The EP(X)1336 insertion is located 200-bp upstream of a novel gene predicted by the Drosophila genome project, CG11411. Molecular analyses showed that fs(1)N¹⁴ consists in a small deletion (<700 bp) of putative promoter and first exon sequences of CG11411 (data not shown; Fig. 1G). Also, a genomic construct of this gene rescued the phenotypes associated with fs(1)N mutations, demonstrating that CG11411 is fs(1)N (Fig. 1G).
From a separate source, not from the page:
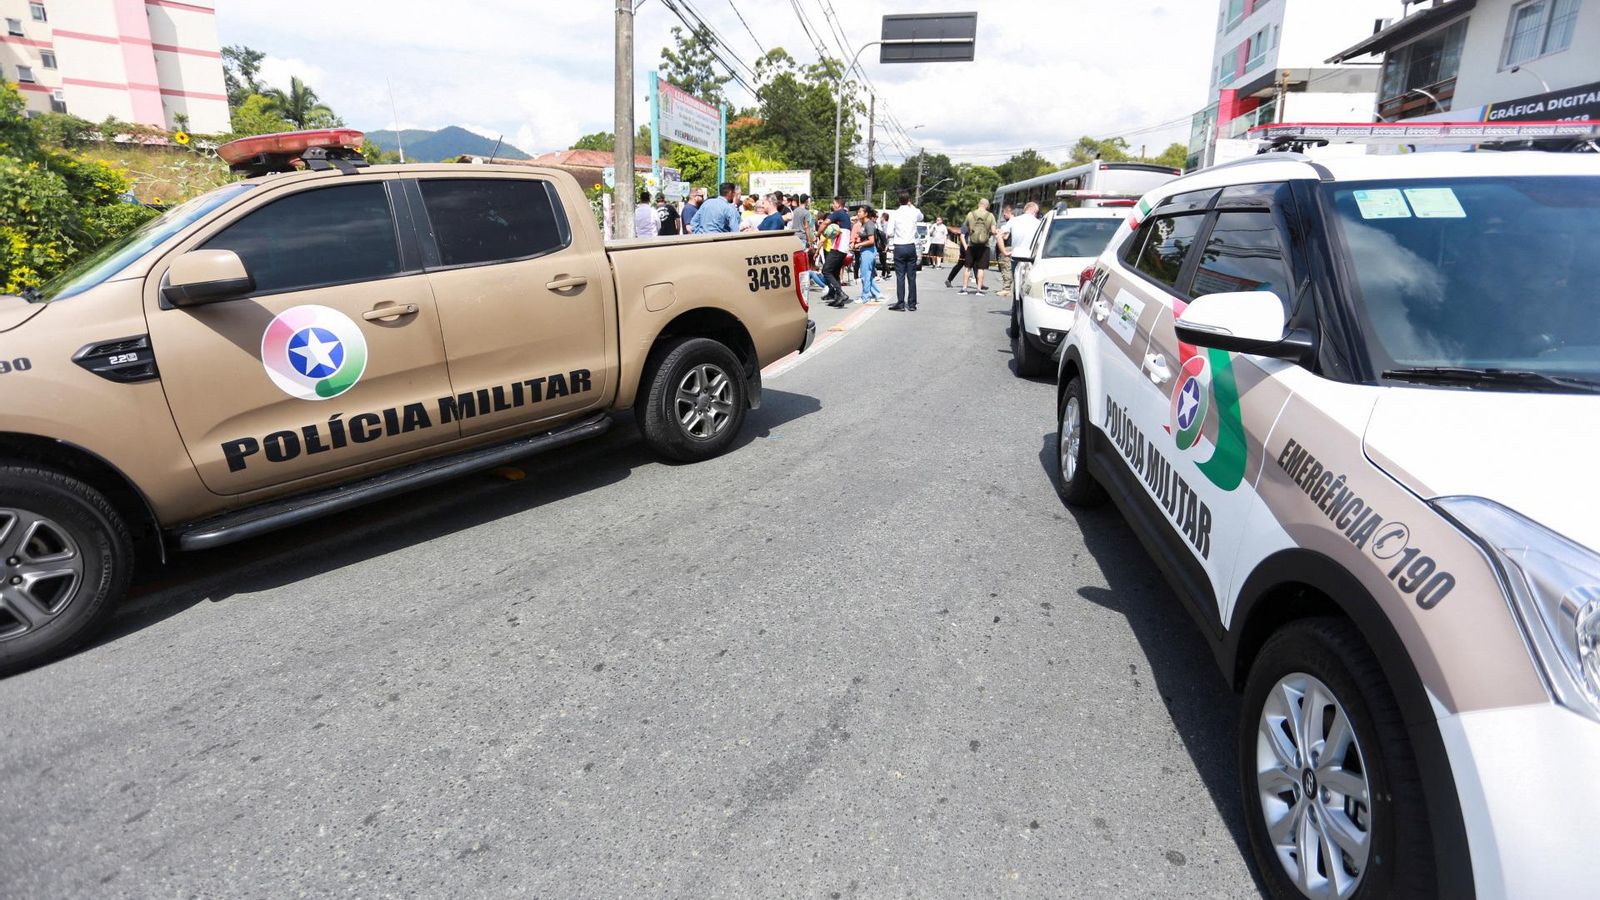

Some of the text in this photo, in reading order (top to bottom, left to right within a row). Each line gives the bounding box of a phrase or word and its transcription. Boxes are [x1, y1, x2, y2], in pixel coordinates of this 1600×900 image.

We isolated a full-length fs(1)N cDNA clone by screening an early embryonic library (see Materials and Methods). The sequence of this clone extends 65-bp upstream of the putative ATG-initiator codon and fits the predicted exon/intron structure of the gene. fs(1)N encodes a protein of 2118 residues rich in leucine residues (15%). Comparative analyses did not reveal significant similarities of Nasrat to known proteins (see below). Nasrat contains a short hydrophobic stretch at the N terminus that probably acts as a signal peptide (Fig. 1H; von Heijne 1986). No other putative transmembrane regions were detected, suggesting that Nasrat is secreted (see below). In this regard, Nasrat contains a large number of potential glycosylation sites, as seen in many secreted and membrane-anchored proteins; there are 25 N-linked glycosylation motifs (Hart et al. 1979) and five putative glycosaminoglycan (GAG) attachment sites (Krueger et al. 1990) in the protein (Fig. 1H). In addition, Nasrat has an ATP/GTP-binding site motif present in proteins with diverse functions (Saraste et al. 1990; Fig. 1H).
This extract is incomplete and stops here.